This week TPM is having a bookclub about Avraham Burg's great new book. I'm in the conversation, which I find too highminded. Here's my first post, titled The Jewish conversation, and the American one:
Avraham Burg's book is great and important, no doubt. His idea that Israel pardoned Germany too quickly and shifted the rage to Arabs is significant. His identification of the neocons as powerful Jewish proponents of the Iraq war is one that American Jews resist. His impatience with Jewish ethnocentrism and his tolerance of intermarriage will also resonate. Jews will discuss this book for a long time. That's mostly a Jewish conversation.

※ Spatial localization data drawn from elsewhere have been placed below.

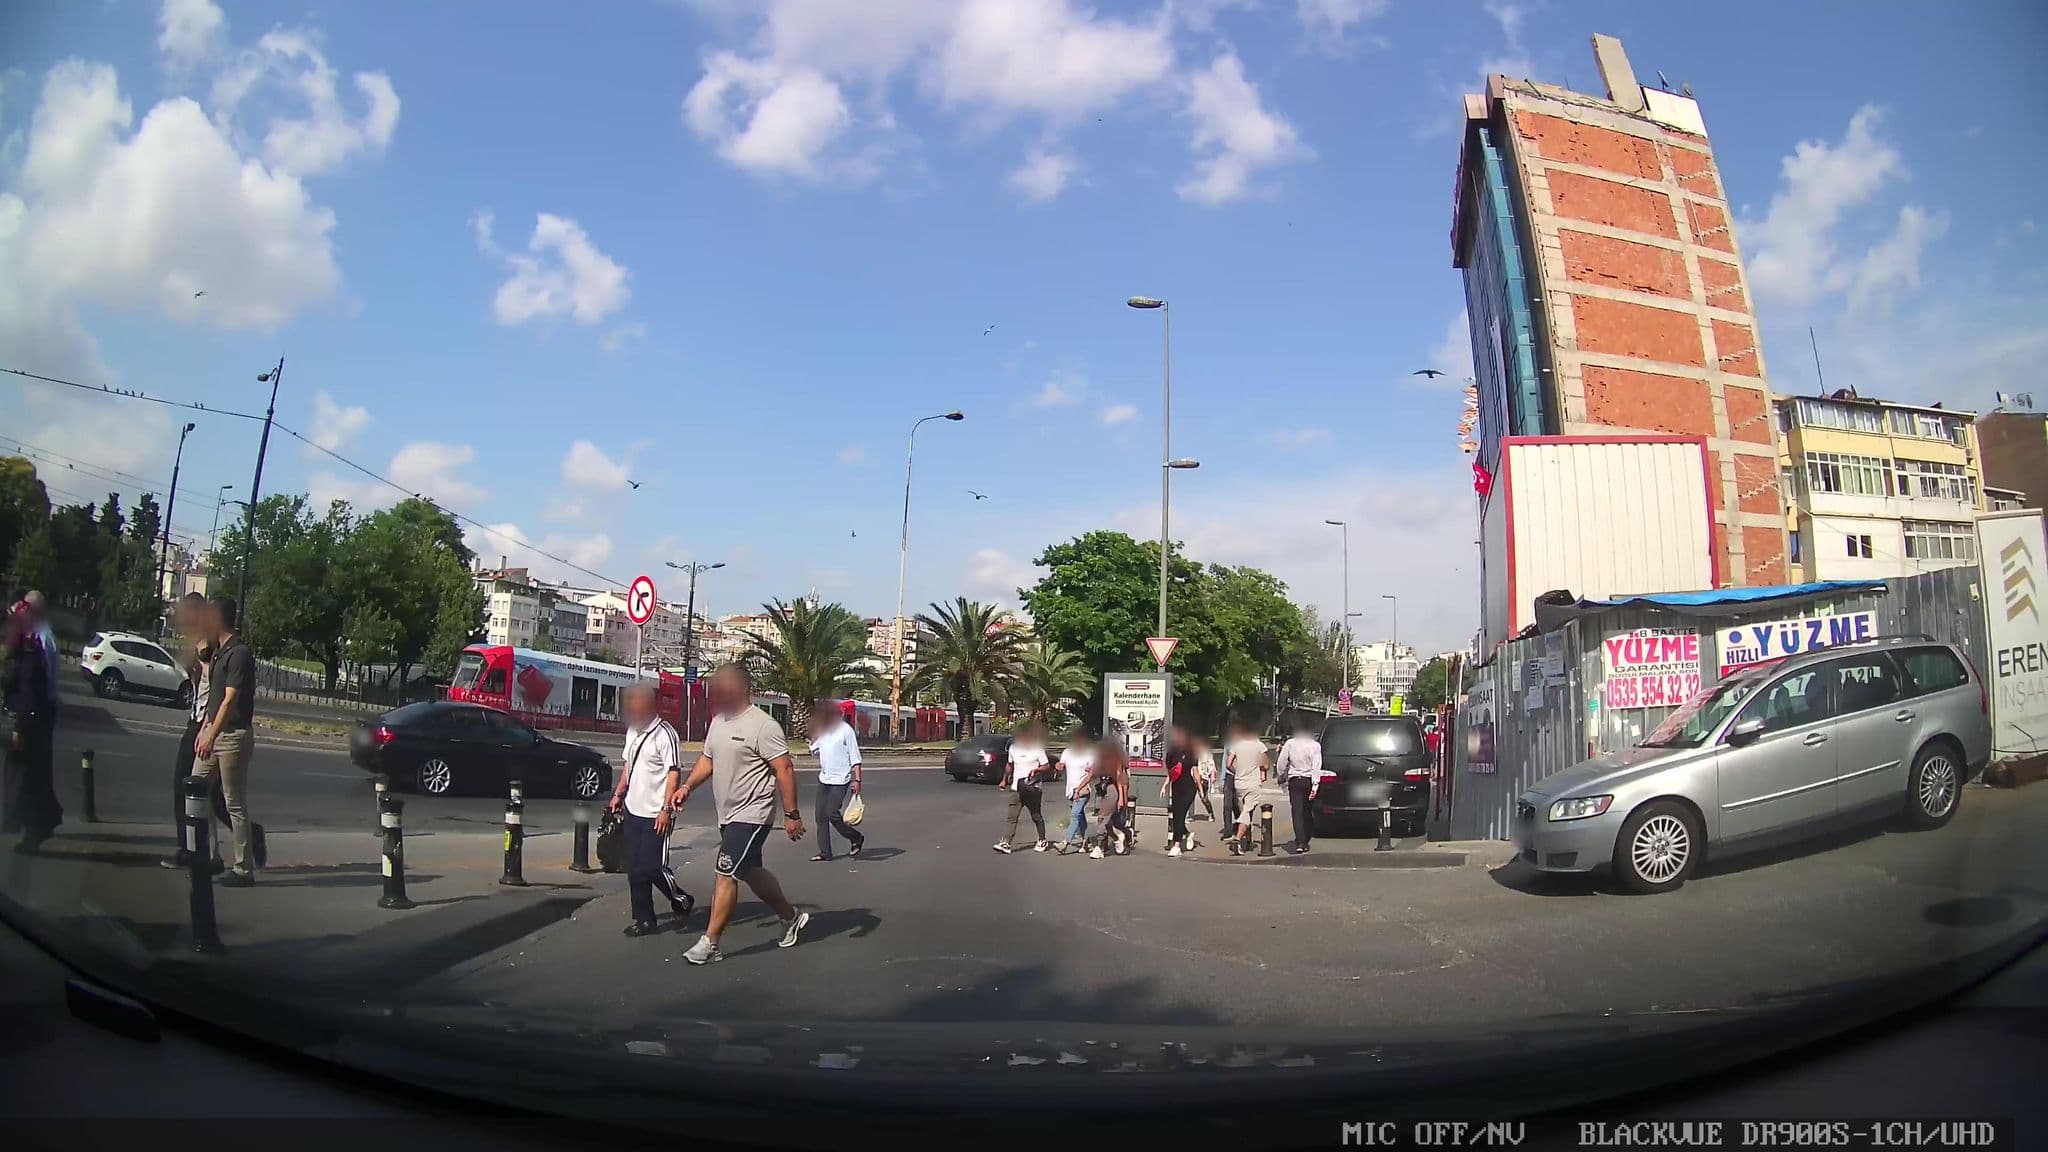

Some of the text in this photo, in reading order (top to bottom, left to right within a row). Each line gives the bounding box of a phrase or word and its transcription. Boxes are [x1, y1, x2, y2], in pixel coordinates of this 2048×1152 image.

[1651, 627, 1697, 637] SAATTE
[1752, 614, 1870, 656] YÜZME
[1604, 632, 1699, 669] YÜZME
[1726, 647, 1759, 665] HIZLI
[1606, 677, 1638, 708] 0535
[1641, 675, 1665, 705] 554
[1667, 674, 1683, 704] 32

Here's the American one. Last week in NY, Burg said that American Jews compose a "semi-autonomous" structure of Zionism, giving support to the Jewish state. I don't want that role, never had. Richard Perle and Elliott Abrams did, and look where our foreign policy is in the Middle East. Today Richard Falk, the special rapporteur for the UN in Gaza, states that the U.S. is complicit in Israel's "massive" violations of the Geneva Conventions that threaten wide famine and disease in the Palestinian population and that breed extremism. The international outrage over these conditions, Falk says, recall the outrage over apartheid 20 years back. This is the true context for Burg's revelations, and yes the Obama train is leaving the station--which is to say that my country will be paying more attention, at last, to Israel's grievous treatment of a minority.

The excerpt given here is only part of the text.